By Angela Smith

This past February, I was looking around on TMOM for information about summer camps and trying to decide if my children would enjoy a sports, art, or lego camp. Little did I know, one month later, my father would pass away after a valiant six-year battle with cancer. In turn, I added another camp to their list, Camp Carousel. As a school psychologist with the Winston-Salem/Forsyth County Schools for the past 12 years, I have referred numerous families to this camp and the feedback has always been positive. As my father’s illness progressed and I worried about my children‘s reaction, I knew there would come a day when I would need this service for my own family.

Camp Carousel is a bereavement camp for children, teens, and adults designed to promote healthy mourning for death-related grief. Reasonably priced at $25 per participant, they hold their camps for one week each summer. The camp is a program of Hospice & Palliative CareCenter and is sponsored by Brenner Children’s Hospital. Camp Carousel’s focus is meeting the unique needs of grieving children and teens ages 6-17 as well as adults in the community.

As the campers deal with their grief, the counselors help them learn new ways to cope through creativity and fun. Using art and music therapy, writing, animal-assisted therapy, and a variety of other activities, Camp Carousel helps their participants learn new ways to process their grief and express and understand their feelings.

Another benefit of the camp for parents like me is that the counselors offer direction to parents on ways to better understand their child’s grief process. According to Donna Hampton, Director of Grief & Bereavement Services at Hospice & Palliative CareCenter, the camp provides the participants with many coping skills necessary to deal with all kinds of life’s stresses, not just those caused by a loss. This year, the theme for Camp Carousel is “Road Trip.” Ms. Hampton shared that the idea behind this year’s theme is that grief is a journey and along the way special things are lost and gained. The camp will allow the participants to explore all aspects of that journey.

Towards the end of my father’s life, I began to realize just how difficult his death would be for my children. To say the least, my children adored their grandfather. He was a mentor, friend, supporter, and fishing instructor to them. He was always the one cheering the loudest in the stands at their games. His death has left a void in all of our lives.

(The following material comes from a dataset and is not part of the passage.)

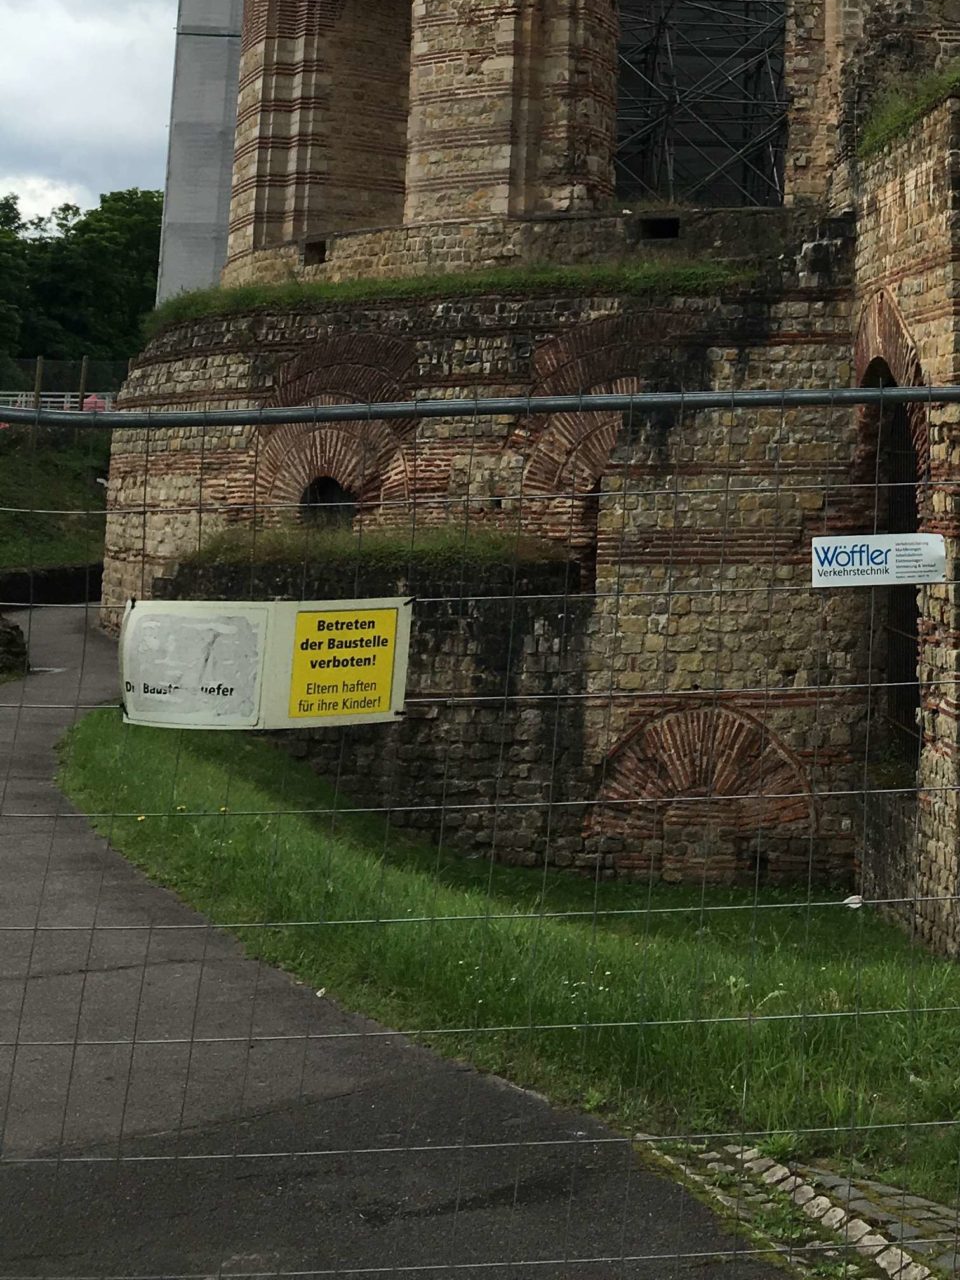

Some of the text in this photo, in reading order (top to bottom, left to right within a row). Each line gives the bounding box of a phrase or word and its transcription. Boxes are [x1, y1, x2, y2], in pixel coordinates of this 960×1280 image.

On Father’s Day, I took my children to his grave site to place flowers. As I looked over at my nine year old son quietly crying, I realized that this loss will indeed be a journey for him, one complete with bumps, twists, and curves. Appropriately this year’s camp’s theme, “Road Trip,” will help my son and daughter recognize that grief is a part of every journey, where along the way special things are lost and gained. I hope that Camp Carousel provides my children with an outlet for expressing their emotions and gives them the opportunity to develop the coping skills to deal with future losses.